3. “Instant marketability” or liquidity discount

An even more intuitive version is the discount for quick sale:

\[ D(t)=1-\frac{p(t)}{p(\infty)} \]

This is the percentage sacrifice required to sell within time \(t\).

  • Small \(D(t)\): very marketable
  • Large \(D(t)\): poorly marketable

Example:

  • Wheat: \(p(\text{2 hours}) = 99\), \(p(\infty)=100\), so \(D=1%\)
  • Telescope: \(p(\text{2 hours}) = 50\), \(p(\infty)=100\), so \(D=50%\)

That captures the intuition almost exactly.

4. A single-number summary

Since marketability depends on the time horizon, there is no single absolute number unless you specify a target.

Two convenient summaries are:

A. Time to sell near the best price

Define the time needed to get, say, 95% of the long-search price:

\[ \tau_{0.95}=\inf{t: p(t)\ge 0.95,p(\infty)} \]

Smaller \(\tau_{0.95}\) means greater marketability.

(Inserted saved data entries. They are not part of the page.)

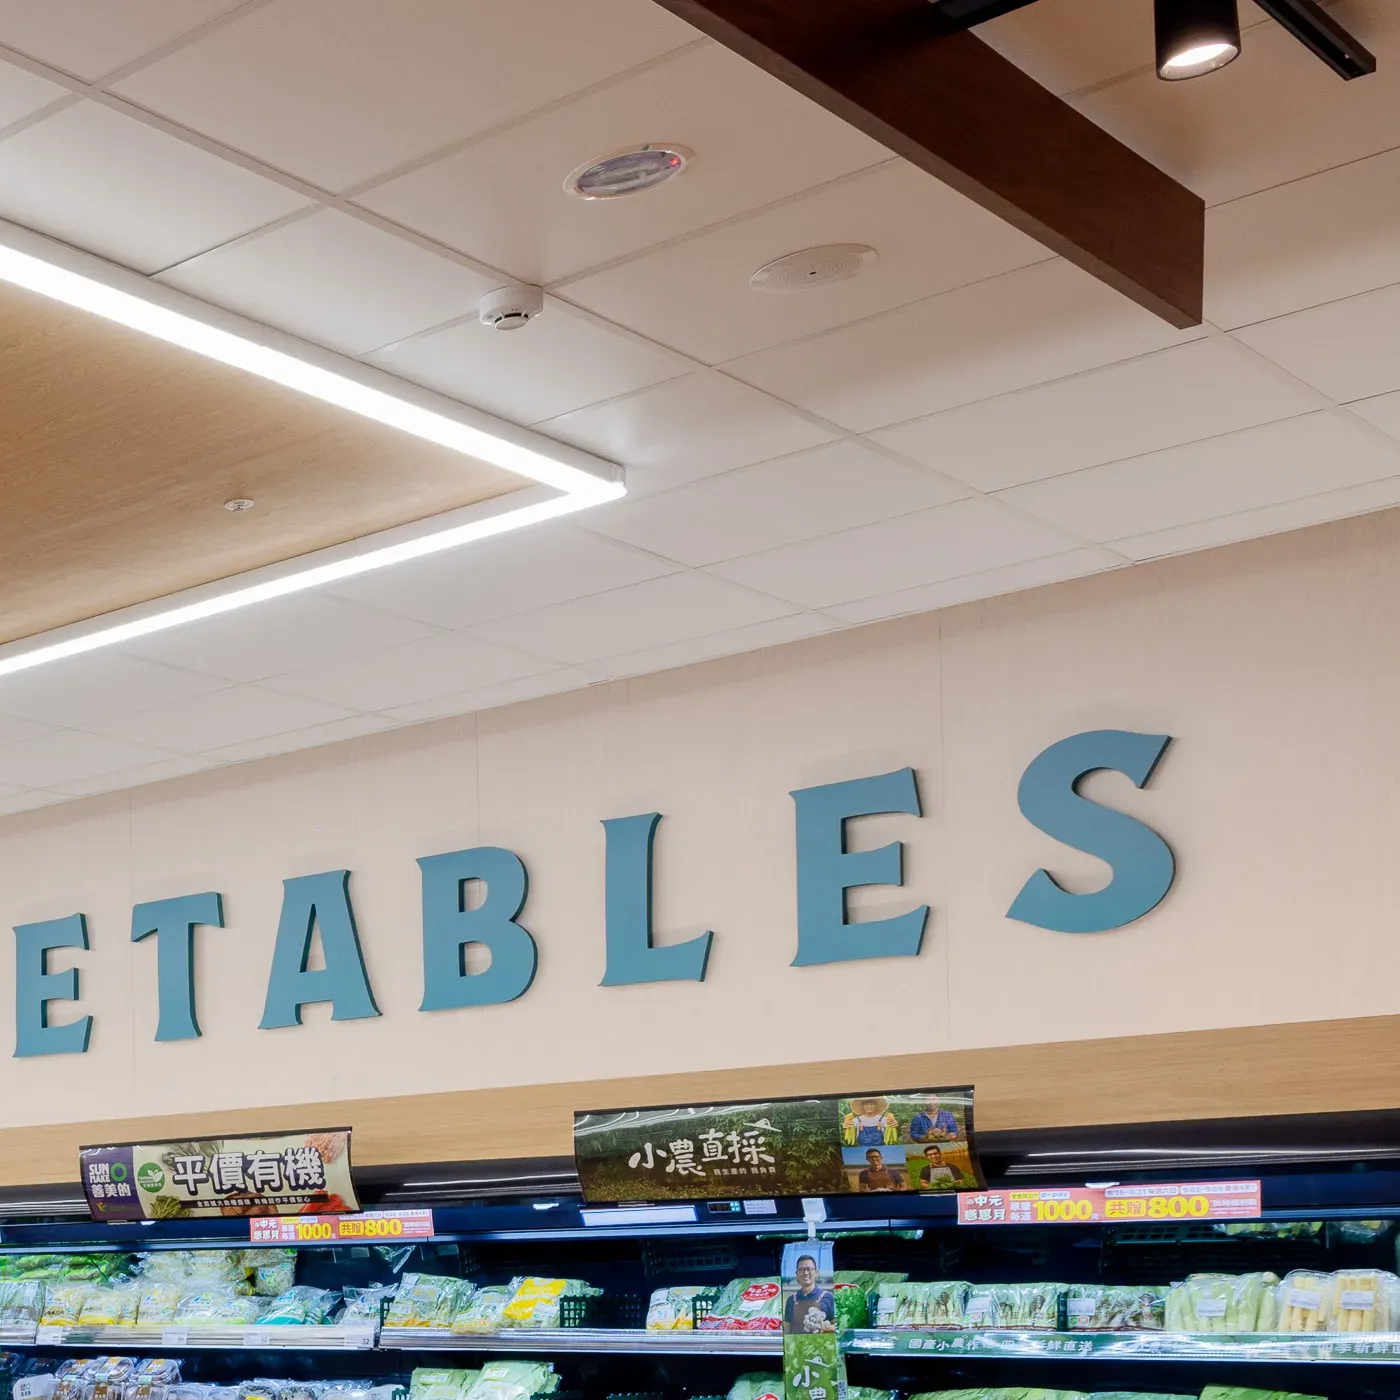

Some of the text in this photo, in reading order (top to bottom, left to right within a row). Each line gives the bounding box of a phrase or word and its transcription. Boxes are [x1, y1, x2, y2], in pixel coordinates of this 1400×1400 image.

[627, 1128, 776, 1177] 小農直採
[88, 1163, 110, 1175] SUN
[89, 1174, 111, 1183] MAKE
[173, 1147, 325, 1194] 平價有機
[91, 1183, 131, 1199] 善美的
[1147, 1195, 1210, 1218] 800
[364, 1217, 403, 1236] 800

B. Price sacrifice for a standard horizon

Choose a standard time horizon \(T\) and define

\[ M_T=\frac{p(T)}{p(\infty)} \]

This lets you compare goods directly.

5. Search-theoretic interpretation

Why does this work? Because sale opportunities arrive over time.

Suppose buyers arrive randomly, and each buyer’s offer is drawn from some distribution. Then the more time the seller waits, the more buyers he sees, and the higher the expected best offer becomes.

A good is more marketable when:

  • buyers arrive frequently,
  • bid prices are tightly clustered,
  • market participants know the good well,
  • there are low costs of inspection, transport, and verification,
  • there is a thick resale market.

A good is less marketable when:

  • few buyers exist,
  • finding them is costly,
  • quality is hard to judge,
  • each buyer values the good idiosyncratically,
  • the spread between quick-sale and patient-sale price is large.

So marketability is closely related to:

  • buyer-arrival rate
  • thickness of market
  • price dispersion
  • ease of standardization

6. A refined measure

If you want a more structural definition, define marketability as the speed with which the expected sale price approaches its maximum:

\[ \text{Marketability} \propto \frac{d}{dt}p(t) \quad\text{for small } t \]

or, better, the proportional speed:

\[ \mu(t)=\frac{p'(t)}{p(\infty)-p(t)} \]

If \(\mu(t)\) is high, each extra unit of search time closes the gap to the best attainable price quickly. That means the good is highly marketable.

7. Best concise formulation

The cleanest measure is:

The marketability of a good over horizon \(t\) is the proportion of its full-search price that can be realized within \(t\).

\[ M(t)=\frac{p(t)}{p(\infty)} \]

Equivalent wording:

A good is more marketable the smaller the discount required for a quick sale.

\[ D(t)=1-\frac{p(t)}{p(\infty)} \]

This matches the telescope/wheat example:

  • wheat: high \(M(t)\), low \(D(t)\), short \(\tau_{0.95}\)
  • telescope: low \(M(t)\), high \(D(t)\), long \(\tau_{0.95}\)

So marketability, in this sense, is essentially time-conditioned realizability of value.